As New York City Chancellor imposed a freeze on hiring new teachers for public schools, many looking forward to join the system were disappointed. For those already in the system, the picture was not less grim.
When the Department of Education announced budget cuts of $405 million; school principals knew they will be facing a tough year.
On average, schools experienced budget cuts of five percent.
Public School 102, also known as Bay View School, in Elmhurst had a ten percent budget cut, said Theresa Dovi, the school’s principal.
“We had to cut some of our afterschool programs,” she added. “We had to cut positions of teachers that were servicing at risk children.”
Budget cuts did not only affect those teachers hoping to score jobs. One month after schools kicked off, teachers on duty are still trying to manage with less resources; such as reduced supplies and special education specialists. Remaining teachers said they now carry a heavier burden.
Securing the supplies – such as papers, text books and copy machine ink – is becoming a concern for many teachers.
“Normally whatever teachers wanted I was able to get for them,” Dovi said. “Now I have to go with what I have.”
A greater number of teachers are buying their own supplies. The $150 stipend the department grants is not enough, many said.
“Teachers generally put like $500 for supplies to their classrooms, it will be more money out of teachers’ pockets,” said a Brooklyn elementary school teacher and library specialist who did not want her name or school published.
The effect budget cuts had on classes is enormous, another Brooklyn elementary school teacher, 35, said.
“Each grade in my school lost one class,” said the fifth-grade teacher, who also requested anonymity.
Severe consequences followed, said the fifth-grade teacher.
“Each child has different learning needs that you have to address,” she said. “Having a large class makes it very difficult because some kids fall between the cracks.”
Most hurt are children who don’t have learning disabilities but may be struggling, the library specialist said. They do not get enough attention as academic intervention specialists were cut back, she added.

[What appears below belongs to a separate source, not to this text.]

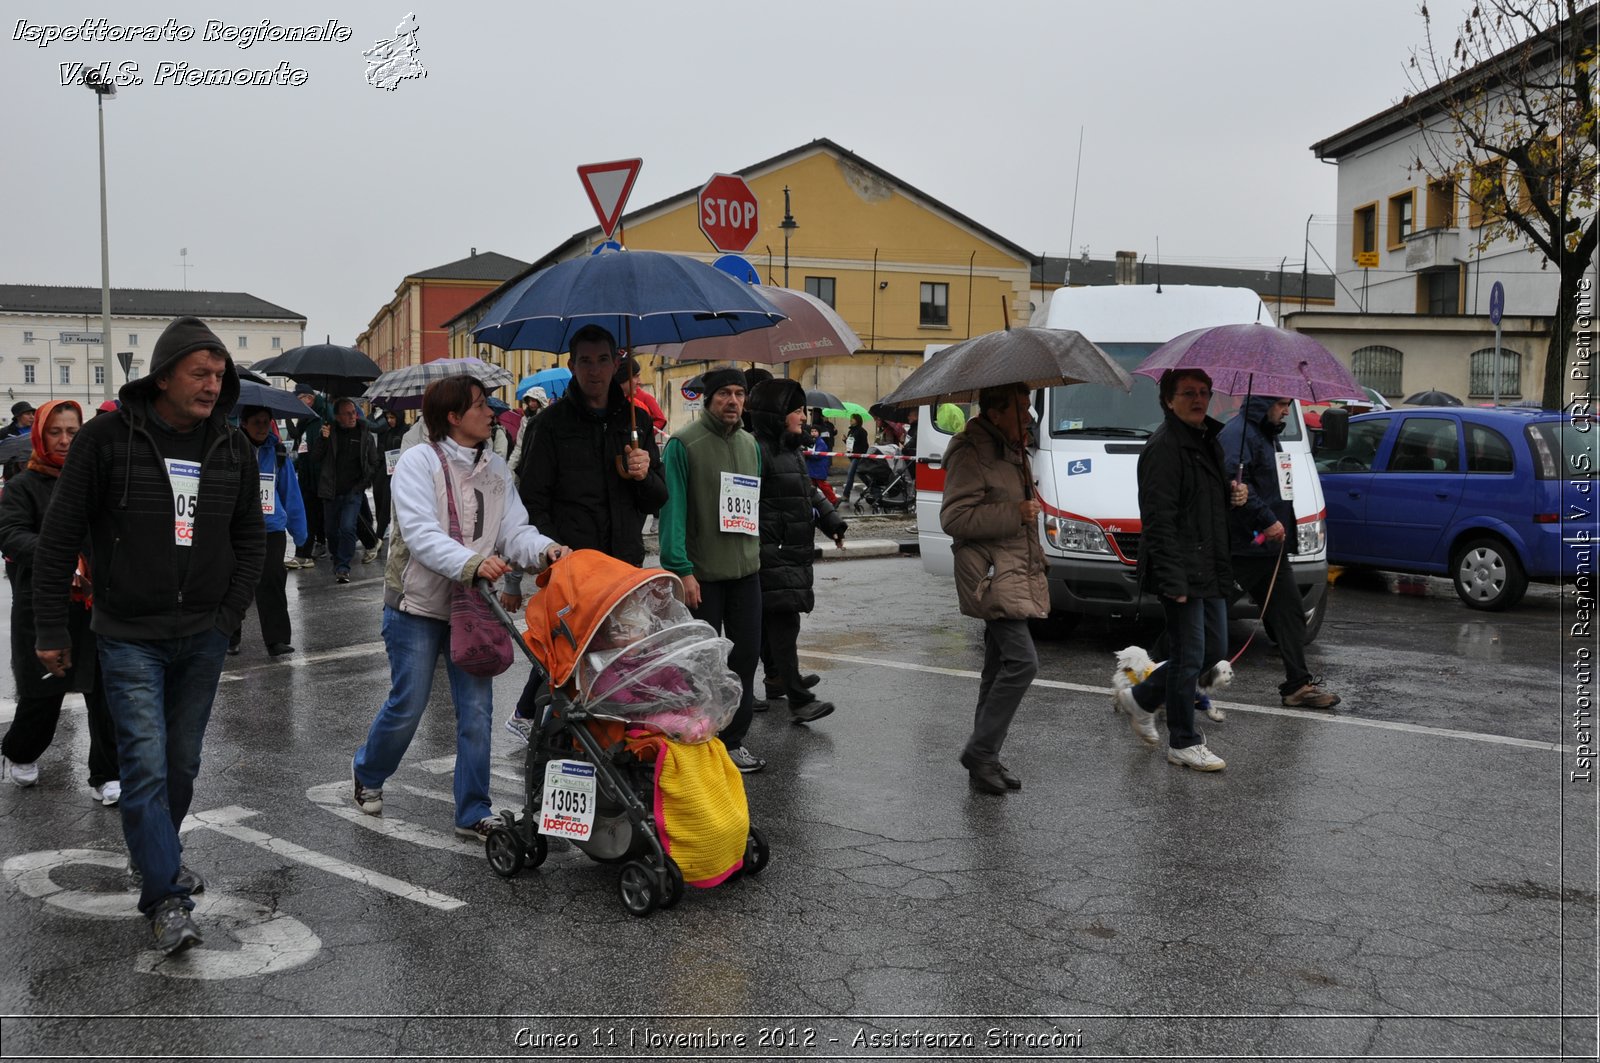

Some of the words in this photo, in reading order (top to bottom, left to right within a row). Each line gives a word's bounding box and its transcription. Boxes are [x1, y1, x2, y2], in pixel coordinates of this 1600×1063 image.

[704, 197, 756, 230] STOP
[728, 496, 751, 515] 8829
[551, 789, 586, 814] 13053
[544, 814, 589, 836] ipercoop

Consequently, teachers will have to put more effort, Dovi said.
“Now the burden is solely on them,” she added.
But several parents said they don’t think the burden is too large.
“[Teachers] work till 3 o’clock. They get out early,” said Laurie Windsor, president of the Community Education Council at District 20. “They still have time to do what they need to do.”
Yet teachers insist budget cuts have forced them to take on far more responsibility. Students coming from families affected by the economic downturn need closer attention because they experience a stress at home, the library specialist said.
“Now you’re dealing with other kinds of crisis at the same time,” she added. “It’s social work and all kinds of stuff and I think it’s tough.”
More teachers fear losing their jobs.
“Teachers are also in danger of being fired because the school needs to cut back,” said the fifth-grade teacher.
Many teachers said the current situation is intolerable.
“It puts a lot of stress in the classroom,” the library specialist said. “If this is only October, I don’t know how the outcome will be.”